── Dataset content

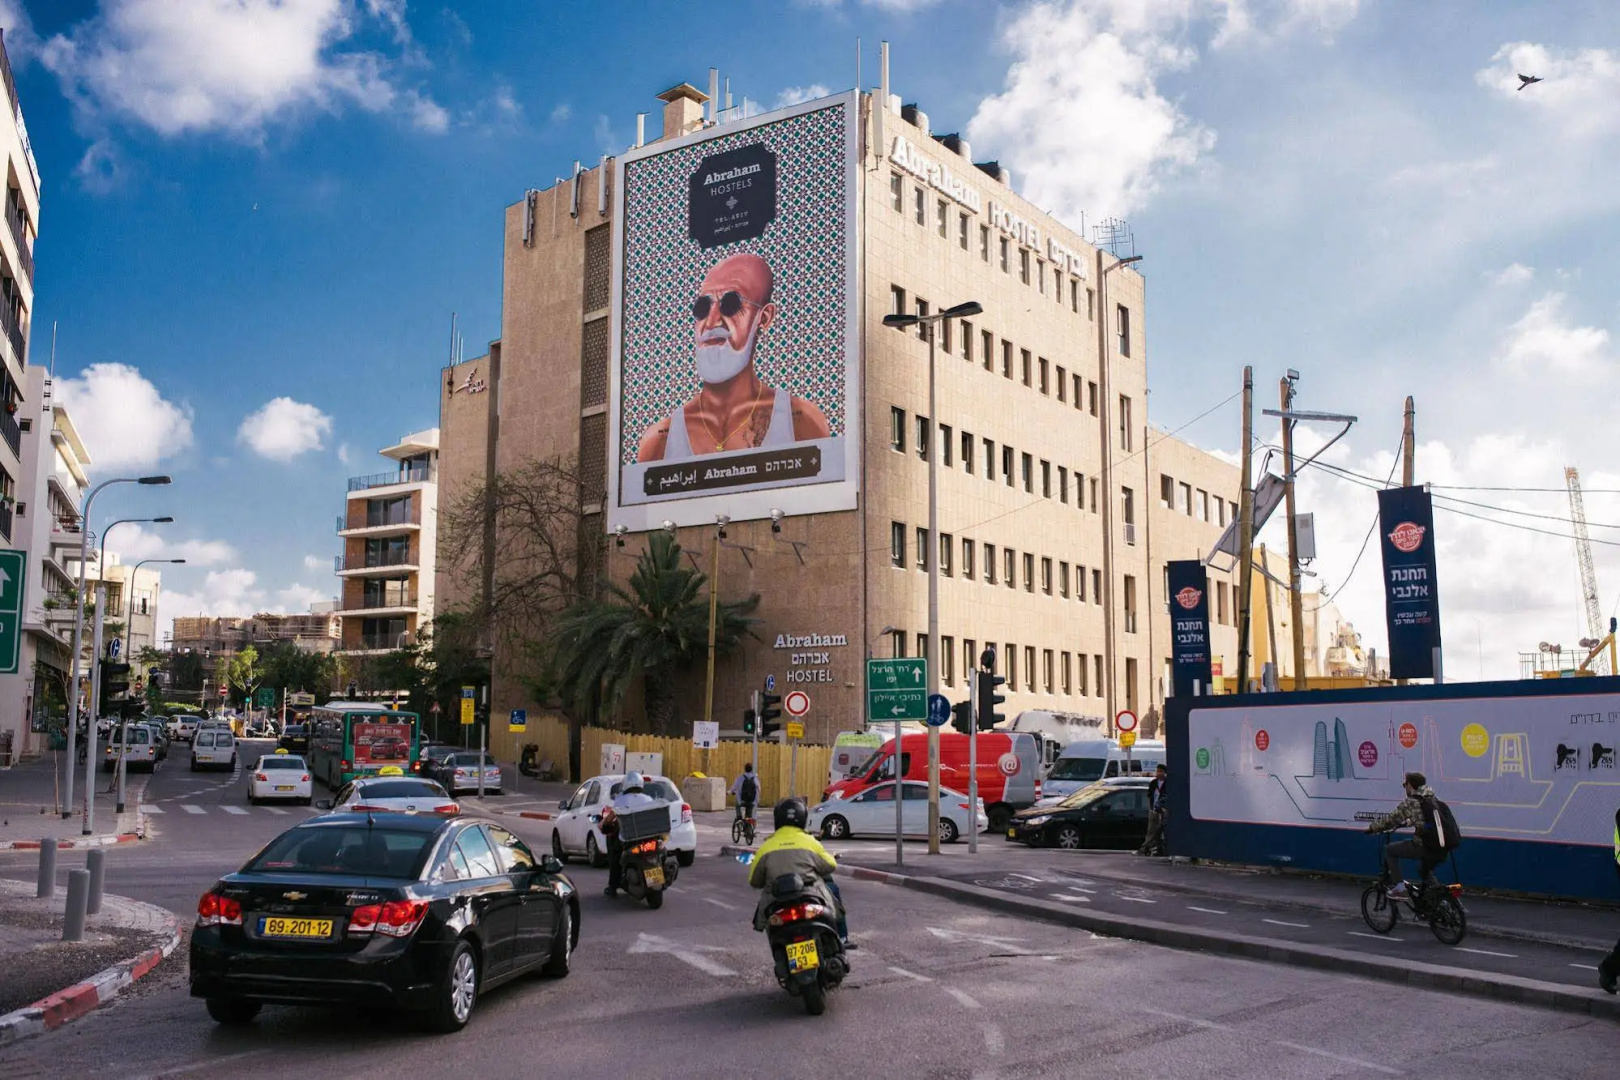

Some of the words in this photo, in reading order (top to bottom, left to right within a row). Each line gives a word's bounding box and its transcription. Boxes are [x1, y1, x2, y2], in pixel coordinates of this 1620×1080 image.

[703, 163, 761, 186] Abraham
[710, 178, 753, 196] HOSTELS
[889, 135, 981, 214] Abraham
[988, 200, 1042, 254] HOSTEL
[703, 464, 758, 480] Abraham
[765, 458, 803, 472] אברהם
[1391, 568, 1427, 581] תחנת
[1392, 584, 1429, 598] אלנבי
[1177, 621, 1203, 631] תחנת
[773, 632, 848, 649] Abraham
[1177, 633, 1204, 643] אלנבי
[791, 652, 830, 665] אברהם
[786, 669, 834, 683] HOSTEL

────

## Required action
Set down each record above exactly as it stands and leave out all pictures.

## Solution to this problem
Some of the words in this photo, in reading order (top to bottom, left to right within a row). Each line gives a word's bounding box and its transcription. Boxes are [x1, y1, x2, y2], in pixel coordinates of this 1620×1080 image.

[703, 163, 761, 186] Abraham
[710, 178, 753, 196] HOSTELS
[889, 135, 981, 214] Abraham
[988, 200, 1042, 254] HOSTEL
[703, 464, 758, 480] Abraham
[765, 458, 803, 472] אברהם
[1391, 568, 1427, 581] תחנת
[1392, 584, 1429, 598] אלנבי
[1177, 621, 1203, 631] תחנת
[773, 632, 848, 649] Abraham
[1177, 633, 1204, 643] אלנבי
[791, 652, 830, 665] אברהם
[786, 669, 834, 683] HOSTEL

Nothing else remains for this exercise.